This adds some cases to checkWanted that try to improve the flow of type information down through some constructs that could be thought of as branches. The primary one is if expressions. Previously the checking of

if b then t else f

would just be handled like ifFun b t f, where ifFun : Boolean -> a -> a -> a. But this means that t and f are synthesized, even in checking mode. Instead, now checking an if statement against T will check t and f against T.

Similarly, list literals are now checked against T by determining an element type and checking each element against that type. If T is of the form List E, then the element type is of course E. If T is a variable, then we make up a new variable, unify T with List e, then check against e.

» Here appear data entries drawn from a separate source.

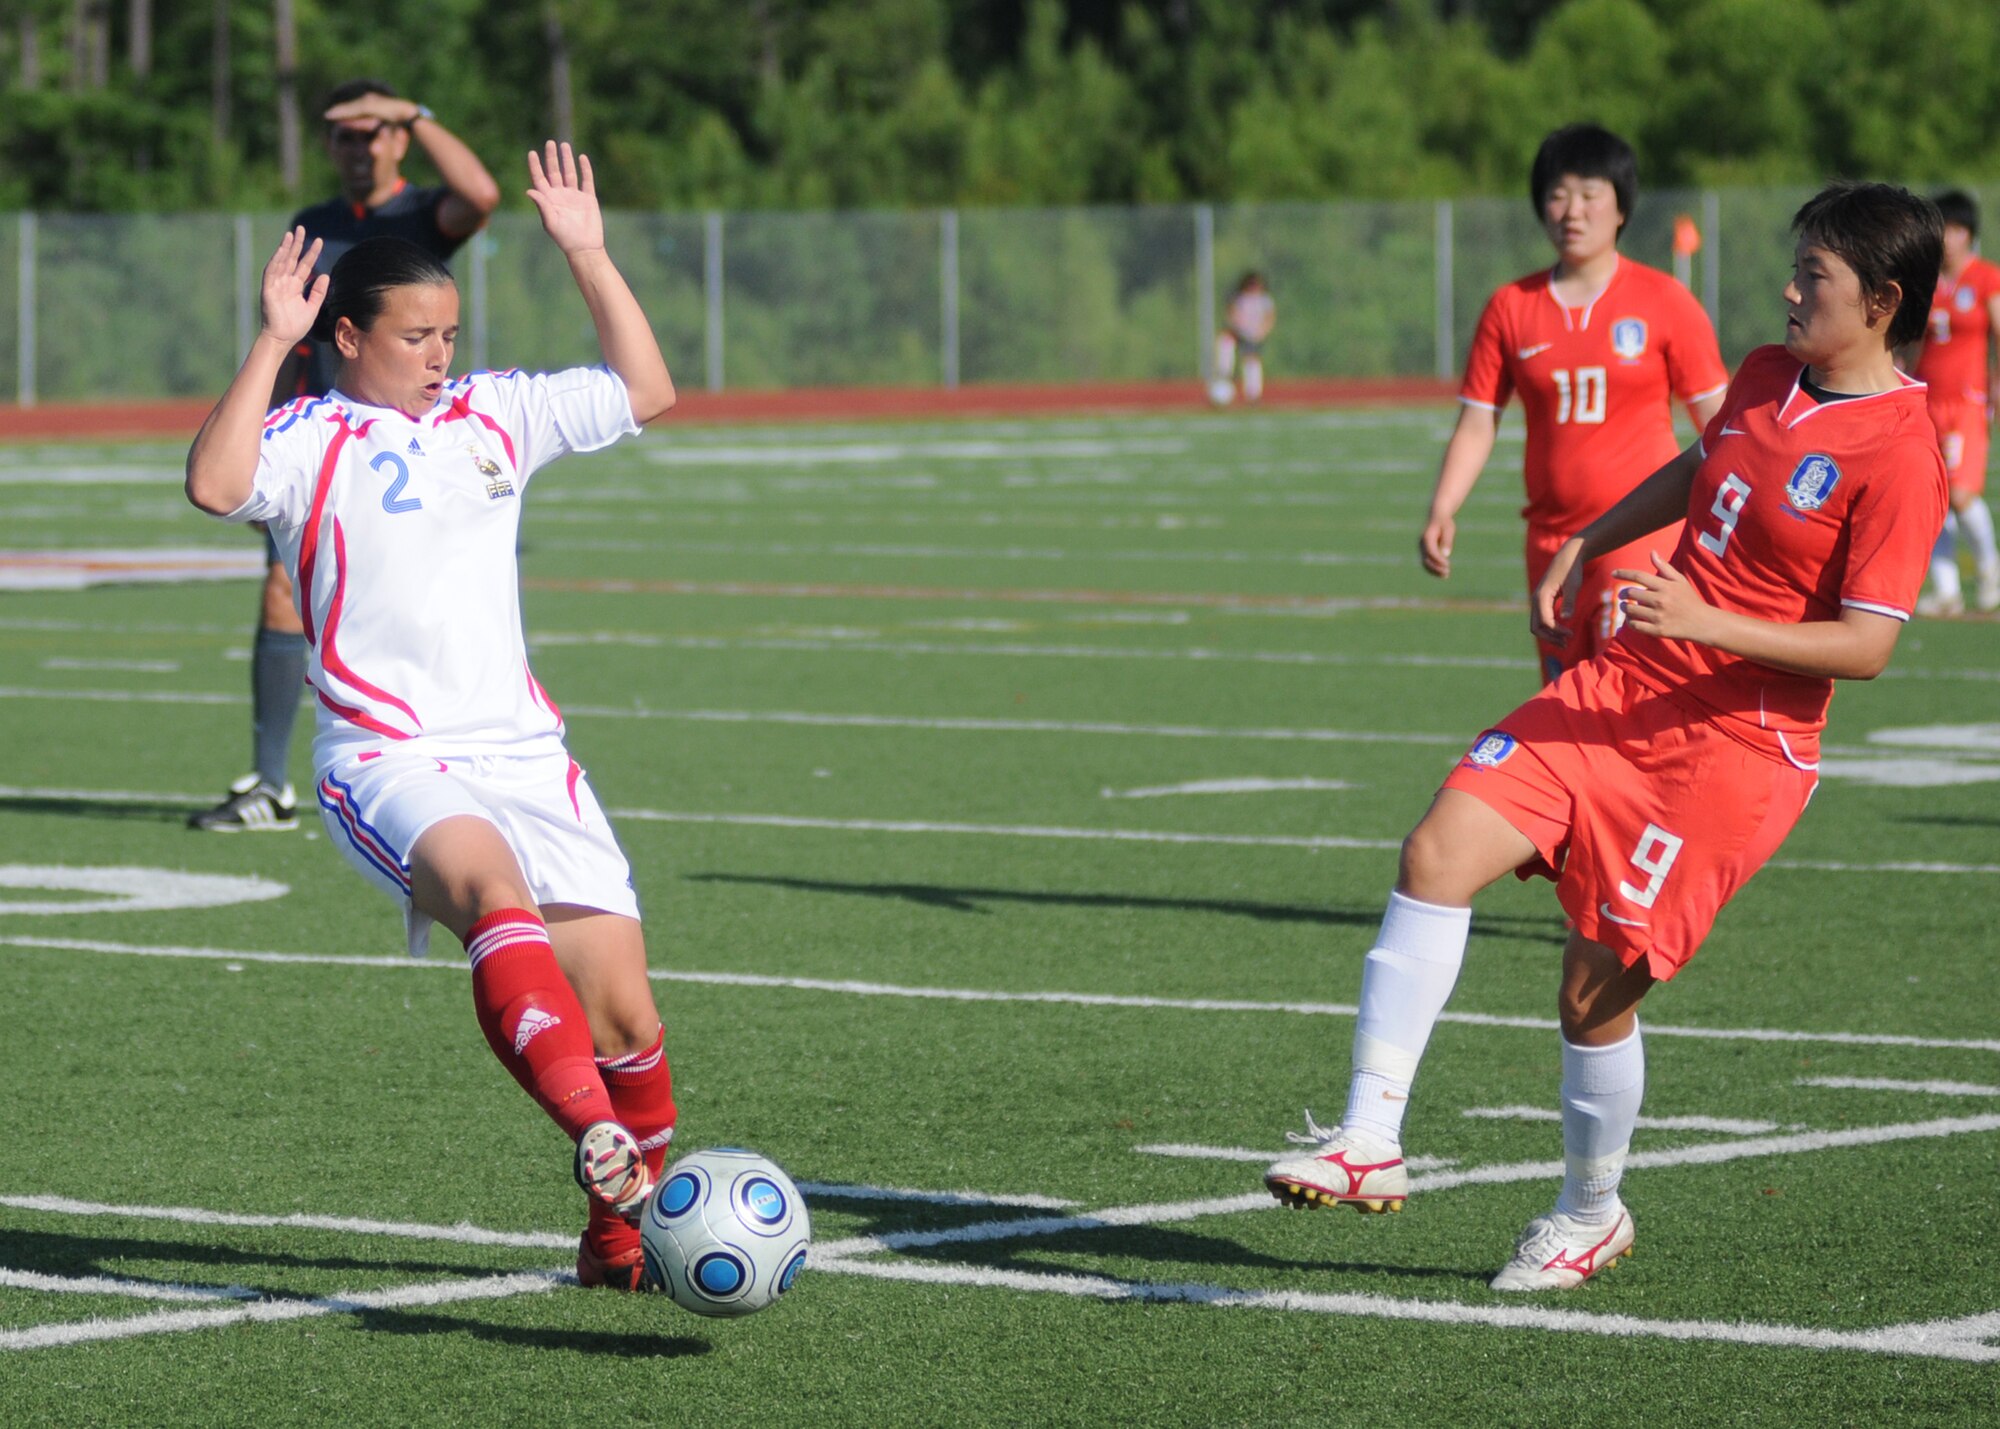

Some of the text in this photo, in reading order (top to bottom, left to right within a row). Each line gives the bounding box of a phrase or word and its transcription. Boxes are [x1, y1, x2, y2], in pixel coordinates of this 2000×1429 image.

[1552, 366, 1606, 424] 10
[369, 450, 423, 514] 2
[486, 480, 515, 499] FFF
[1698, 472, 1752, 558] 9
[1619, 822, 1684, 909] 9
[514, 1015, 561, 1055] adidas

This allows type information from annotations to successfully flow down through more varieties of expressions, which helps annotations to resolve duplicate ability variable problems in more situations. Previously, annotations on these expressions wouldn't do any good, because they flip over into synthesis mode, which gathers up multiple ability variables and then gets stuck, even if the annotation would prune away most of those variables when pushed through.

One thing to note is that the new if checking mode will sometimes reject things that happened to work before. For instance, if you write:

thunk : '{IO} ()
thunk = do ()

if x == 0 then id thunk
else if x == 1 then id thunk
else id thunk

Then it used to work, and now doesn't. However, the way this used to work is almost an accident. If you instead tried to write:

if x == 0 then
  if y == 0 then id thunk
  else id thunk
else id thunk

then it wouldn't work in the past, because the order the expression gets inferred in causes the problem. Now both fail, and can be resolved by annotating the if.

There are a couple other tweaks to try to maintain error message output. One message changed slightly, but it's essentially the same (just focusing on a subexpression).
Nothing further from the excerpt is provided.